Looking for that Greener Grass
Social Comparison Theory, posited by social psychologist Leon Festinger in the 1950s, states that people have a natural tendency to evaluate their own capabilities, and they often do so by comparing themselves to others. Festinger hypothesized that, with respect to these comparisons, "There is a unidirectional drive upward," or a desire to increase one's abilities to match those of the individuals with whom they are comparing themselves. Further, "the more important the...ability is to the person...the greater will be the drive for evaluation." (Festinger, 1954)

So, parents...assuming that Festinger was on the right track, can you see where this comparison thing might prove to be a rather dangerous exercise? You have the perfect storm of comparison here. Not only do we have a natural drive toward making these comparisons, but parenting is something at which many individuals continually strive to improve. It is also perceived by many - parents and non-parents - to be a very important endeavor.

The problem arises when we take into account one crucial fact: children are not comparable. Families are not comparable. We are as different and unique as the day is long.

More importantly, as the quote at the top of this post suggests, the people - and parents - we choose to compare ourselves to may not be what we think. Take the mother who appears to have an "easy" child, or a woman who seems to be perfectly juggling work with family and other obligations - they have challenges, too, although they may not be apparent to others. Particularly in the case of a mom-to-mom exchange, the unyielding pressure in our culture to be a "supermom" could very well be influencing the course of conversation, and you may just be seeing what they choose to share with you.

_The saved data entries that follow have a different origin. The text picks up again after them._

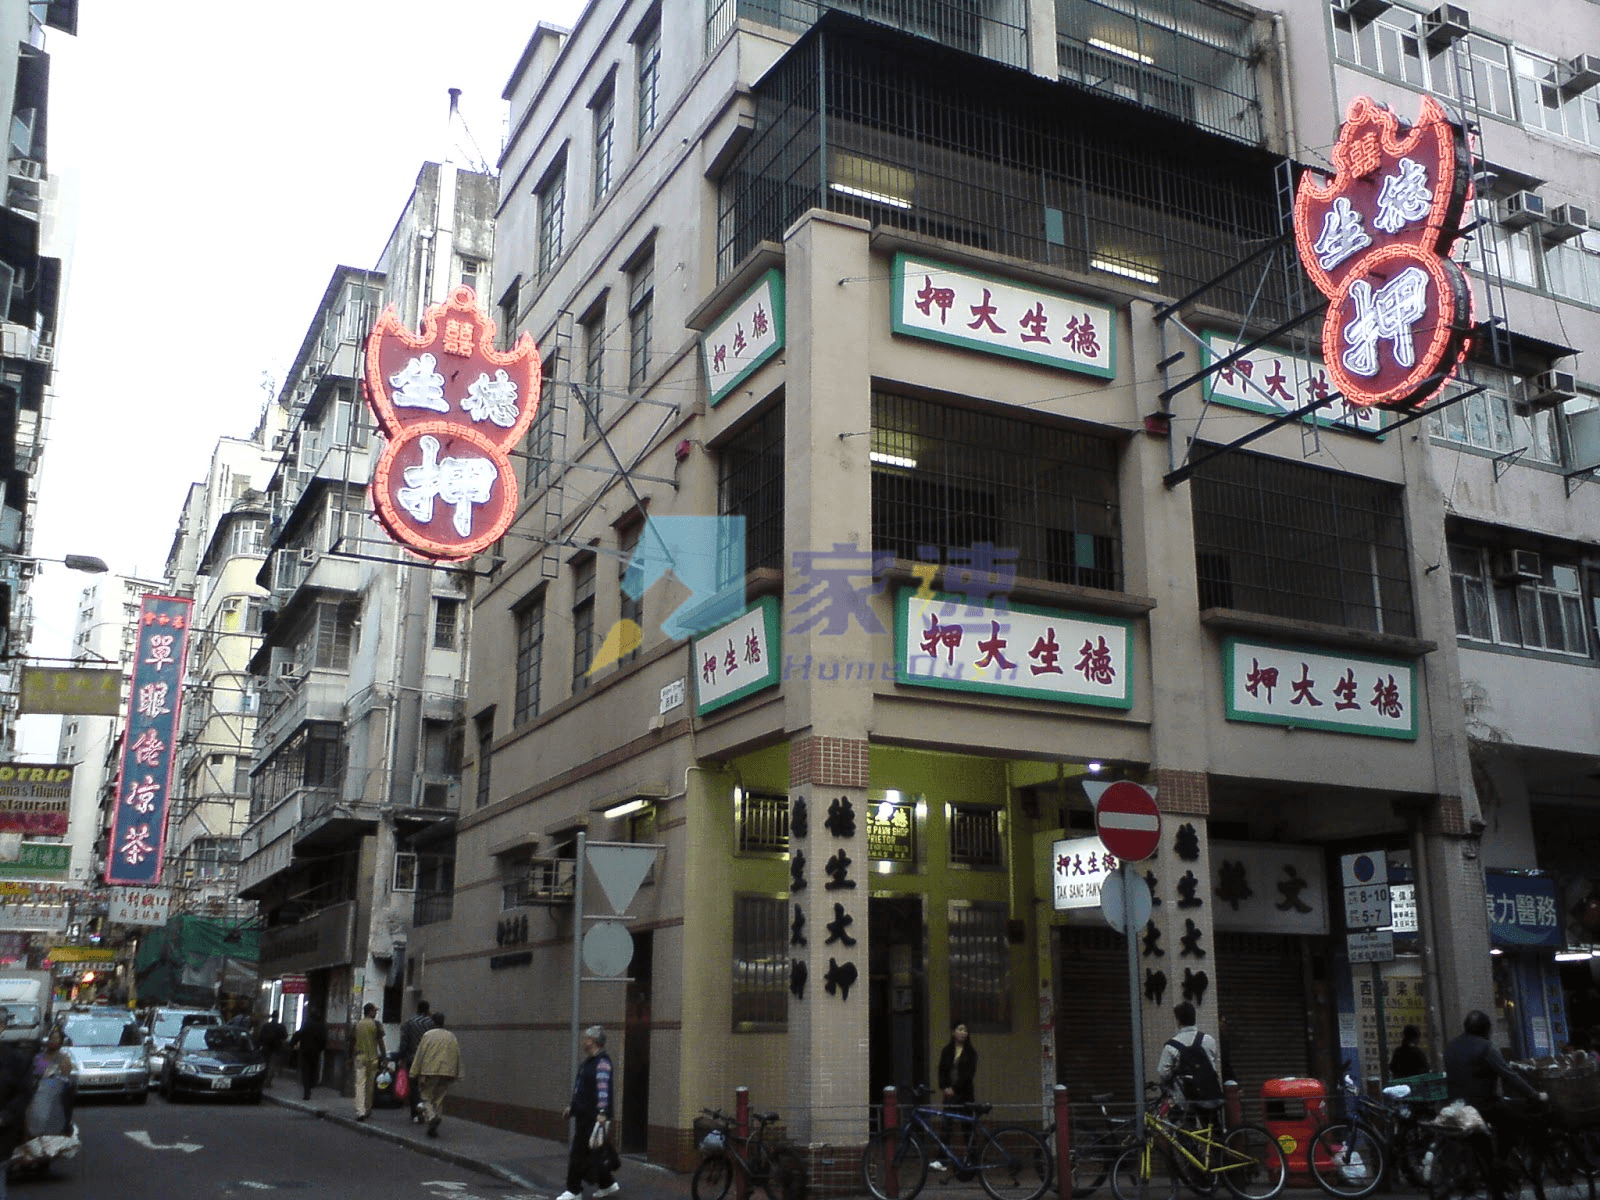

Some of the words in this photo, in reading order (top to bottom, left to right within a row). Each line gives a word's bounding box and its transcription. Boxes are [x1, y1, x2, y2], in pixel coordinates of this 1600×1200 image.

[1343, 267, 1429, 376] 押
[397, 435, 498, 537] 押
[1143, 848, 1168, 1007] 生大押
[1360, 889, 1387, 903] 8-10
[1362, 909, 1382, 923] 5-7

Try Contentment, not Comparisons
While there is no harm in aspiring to be a better parent, or in wanting your child to be the best s/he can be, constantly focusing on our perceived shortcomings is never a good thing, for parents or their children. It can make you - and, consequently, your children - feel as if you (or they) are never good enough. Conversely, finding ways to make yourself happier and more content with where you're at can result in happier children in the long run.

One of the key ways to sidestep the comparison trap is to simply be aware of it. Borrowing from a post by one of my favorite bloggers, here are a few more ideas for avoiding negative parenting comparisons:
  • Focus on your strengths instead of your shortcomings. What are you really good at when it comes to parenting?
  • Make peace with your imperfections. None of us are perfect. No, not even that supermommy from your child's playgroup. 
  • Just stop. Seriously...stop. Sometimes the best answer is the most simple one. When you catch yourself comparing your child or your family to others, keep in mind that everyone has challenges. Yours just might be different from others'. 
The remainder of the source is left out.